Coseismic and early post-seismic deformations due to the 2019 earthquake sequence in Ridgecrest, California

Abstract

SUMMARY The 2019 Ridgecrest earthquake sequence in the Mojave Desert that ruptured a complex orthogonal conjugate fault system offers a rare opportunity to probe the mechanics of the intraplate lithosphere of the central eastern California shear zone (ECSZ). We used space geodetic data to investigate the coseismic and post-seismic deformations attributable to this earthquake sequence. A triangular dislocation inversion scheme was used to derive the coseismic and post-seismic slip distributions on five non-planar faults in a homogeneous elastic crust. A wide range of viscoelastic relaxation models with varying upper mantle viscosities were also tested to constrain the rheological structure.
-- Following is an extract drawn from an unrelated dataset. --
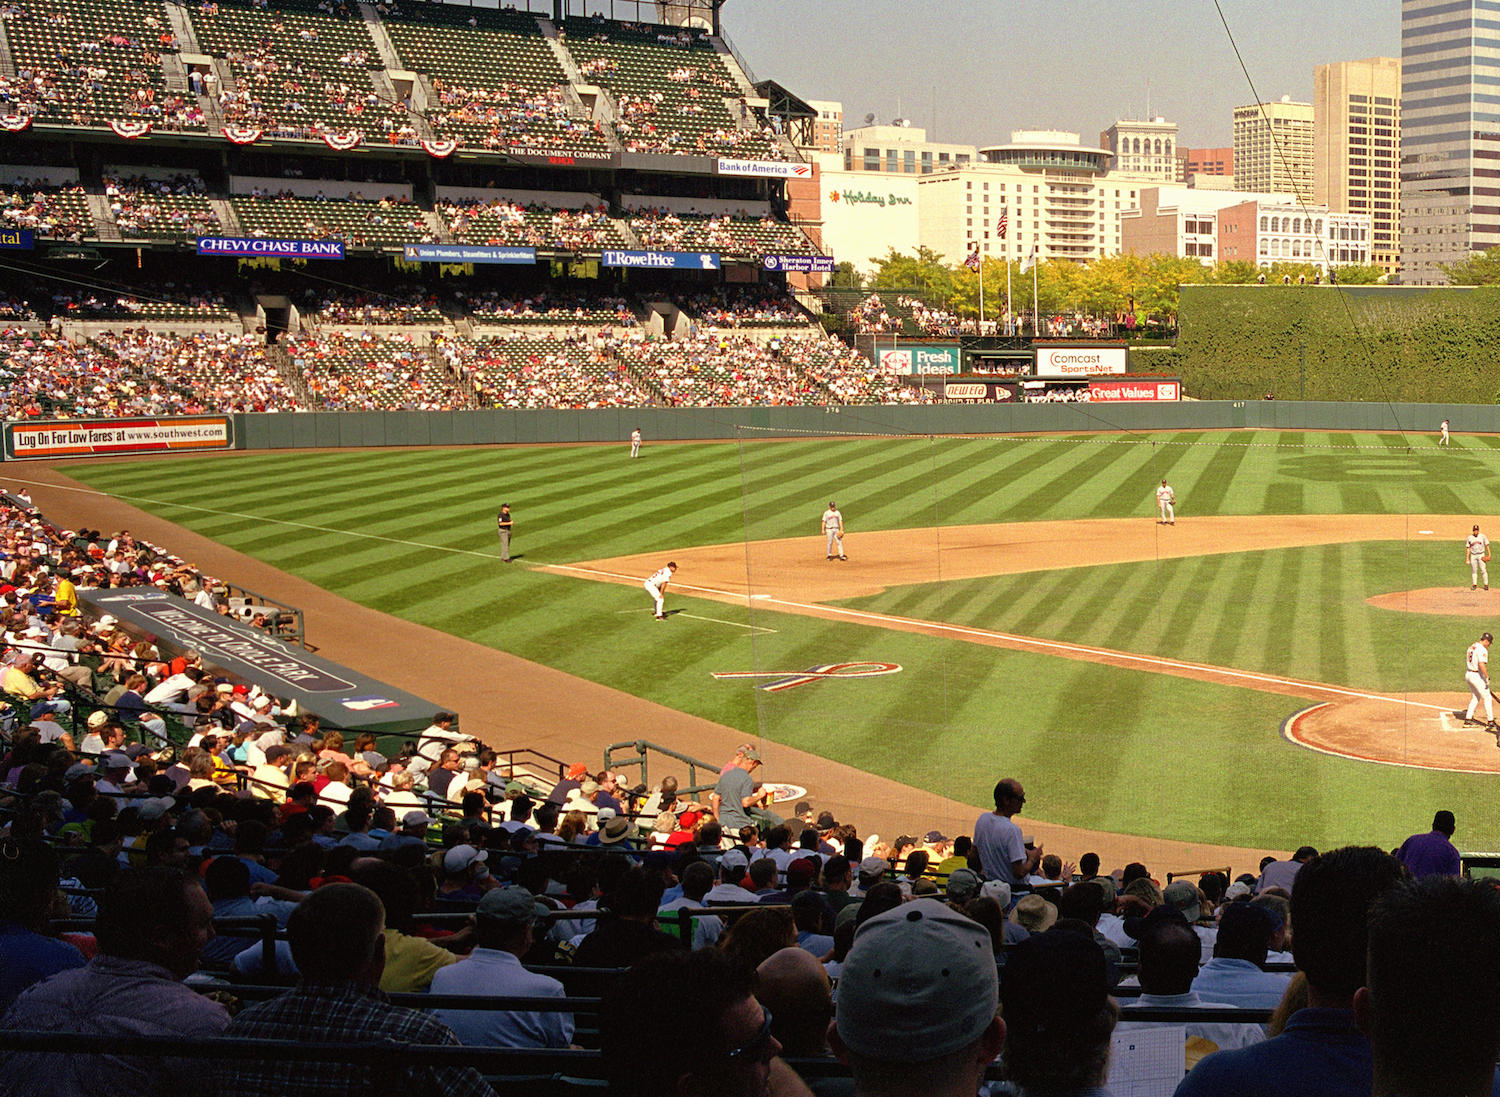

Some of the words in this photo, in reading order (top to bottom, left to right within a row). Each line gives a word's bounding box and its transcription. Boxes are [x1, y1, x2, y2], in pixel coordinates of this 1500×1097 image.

The inferred coseismic slip exhibited a pronounced (approximately 60 per cent) shallow slip deficit (SSD), only a small proportion of which was recovered by early aseismic afterslip. Inversions of GPS and InSAR data suggest that the near-field post-seismic transient was dominated by afterslip at depths of 3–8 km. Viscosity modelling yielded a robust lower bound of approximately 8.0 × 1017 Pa s on the viscosity of the upper mantle. Both the GPS observations and the modelled viscosity at each individual station showed a lateral heterogeneous relaxation process on both northeast and southwest ECSZ. The effective viscosity of the mantle asthenosphere to the northeast was inferred to be approximately two times lower than that to the southwest, which is consistent with the pattern expected for regional heat flow. A comparison among the static coseismically induced Coulomb stress changes, the cumulative distribution of aftershocks and the afterslip distribution suggests that aftershocks and shallow afterslip could be responses to coseismically induced stresses, but the aftershock and afterslip distribution are poorly correlated. We argue that the pronounced SSD and lack of shallow afterslip during the Ridgecrest earthquake sequence are indicative of an immature fault. Furthermore, we suggest similar rheological structures for the southern and central ECSZ and infer a relatively low effective viscosity for the mantle to the northeast because of its high heat flow. We also propose that the afterslip may illuminate the rate-strengthening regions that mostly slip aseismically, but the aftershocks may illuminate fluid-saturated areas near ruptures.